Кочевников высунул из танка ручной пулемет Дегтярева, передал его Алексею Петровичу, затем пару дисков, выбрался из танка, пулемет сунул за спинку сидения, диски туда же, а пяток ручных гранат положил на сиденье. Поковырявшись в своем «бардачке», достал довольно толстый моток тонкой веревки, снова нырнул в люк механика-водителя, долго там что-то делал, затем вылез, сел за руль «эмки», отогнал машину подальше, вернулся, размотал веревку — получилось метров двадцать, снова сел за руль, подал назад, привязал веревку к заднему крюку и только тогда снизошел до объяснения своих действий:
— Я там фугасные снаряды сложил на сиденье водителя, веревку привязал к кольцу гранаты, сейчас поедем — через пять секунд рванет.
Тронул машину, веревка натянулась, Кочевников дал газу…

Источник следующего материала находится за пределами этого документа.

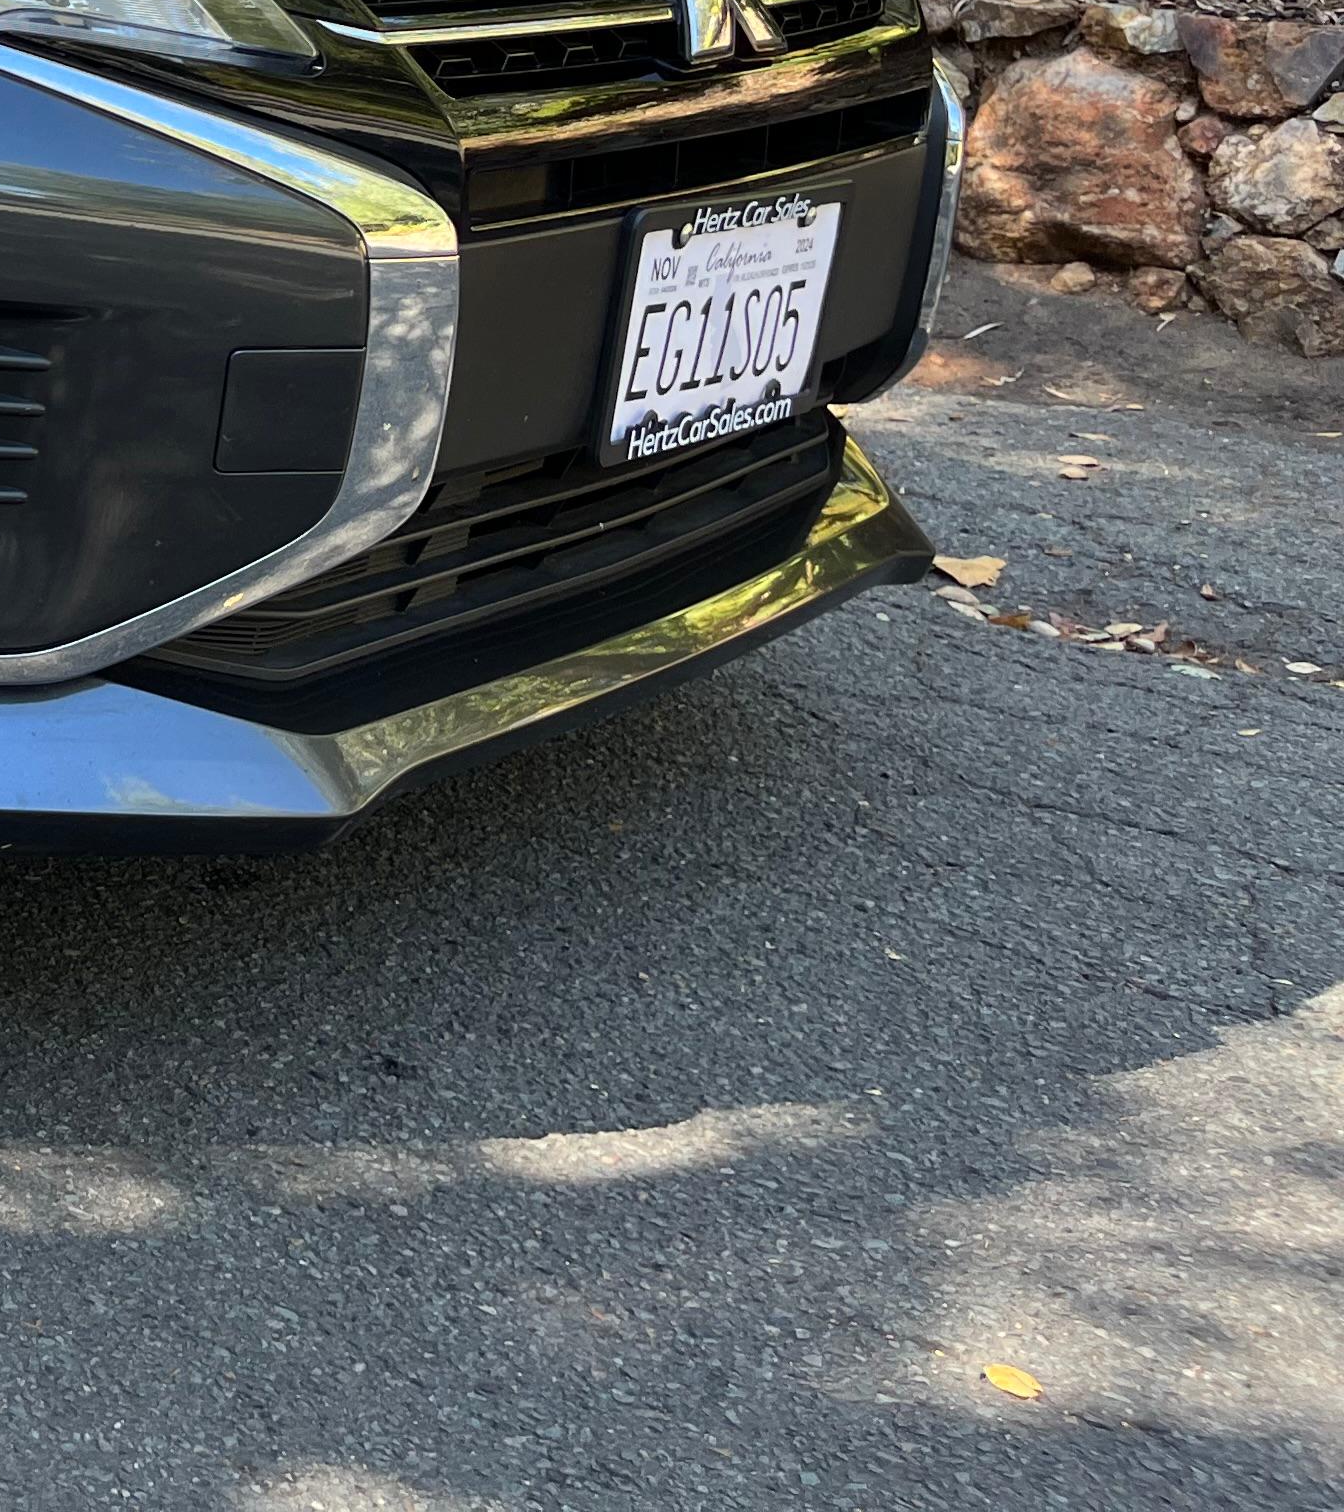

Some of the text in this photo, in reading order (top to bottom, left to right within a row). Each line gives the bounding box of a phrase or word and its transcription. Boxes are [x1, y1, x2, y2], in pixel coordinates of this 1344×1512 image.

[693, 193, 811, 235] Hertz Car Sales
[706, 242, 772, 283] California
[795, 237, 814, 254] 2024
[650, 255, 681, 282] NOV
[624, 280, 807, 402] EG11S05
[627, 397, 792, 460] HertzCarSales.com

Алексей Петрович смотрел на танк с переднего сиденья, вывернувшись всем телом. Он увидел, как веревка то ли порвалась, то ли еще что, но как-то стремительно взлетела вверх, опала и потянулась вслед за машиной. Танк все удалялся и удалялся, как вдруг страшная сила расперла его изнутри, башня отделилась, взлетела вверх, корпус вывернуло как консервную банку, и вместе с пламенем и дымом наружу вырвался сильнейший грохот, от которого заложило уши.

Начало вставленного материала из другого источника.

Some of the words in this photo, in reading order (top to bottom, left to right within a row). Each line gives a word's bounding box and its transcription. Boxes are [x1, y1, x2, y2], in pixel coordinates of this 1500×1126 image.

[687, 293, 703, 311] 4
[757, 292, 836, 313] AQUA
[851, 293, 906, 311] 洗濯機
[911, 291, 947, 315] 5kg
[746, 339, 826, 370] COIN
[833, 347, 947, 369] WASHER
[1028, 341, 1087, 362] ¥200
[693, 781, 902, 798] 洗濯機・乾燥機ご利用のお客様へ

— Мне один окруженец говорил, что встречал там… наши танки с немецкими крестами на башнях, — мрачно поведал Кочевников, объясняя свой поступок. И добавил: — Сволочи! Стрелять таких надо.
«Вот и Кочевников о том же», — подумал Алексей Петрович, но удовлетворения от этого совпадения мнений со своим шофером не испытал.
Глава 16
Мост через речушку был почти цел: бомба (или снаряд) взорвалась рядом и несколько потрепала настил моста и наклонила его в одну сторону. Кочевников сам прошел весь мост, заглядывая в щели, положил на место пару досок, попрыгал, вернулся, сел за руль.
— Вы, Алексей Петрович, на всякий случай перейдите на ту сторону… от греха подальше.
— А-а, все равно! — вяло махнул рукой Алексей Петрович. — Поехали.
— Ну, смотрите, — и Кочевников медленно въехал на мост.
Мост скрипел и потрескивал, однако машину выдержал. От моста дорога раздвоилась, и каждое из ответвлений приняло тот вид, какой имела, может быть, не одну сотню лет до этого. Строители дотянули гудронированное шоссе до реки и на том успокоились. Или помешала война.
Въехали на окраину села. С треском и гулом горели пять ли шесть изб. По улице стлался густой дым. Иногда виднелись танки и бронемашины, замершие посреди улицы. Поразила пустота: никто не тушил пожары, не суетился, не бегал, как это обычно бывает при пожарах.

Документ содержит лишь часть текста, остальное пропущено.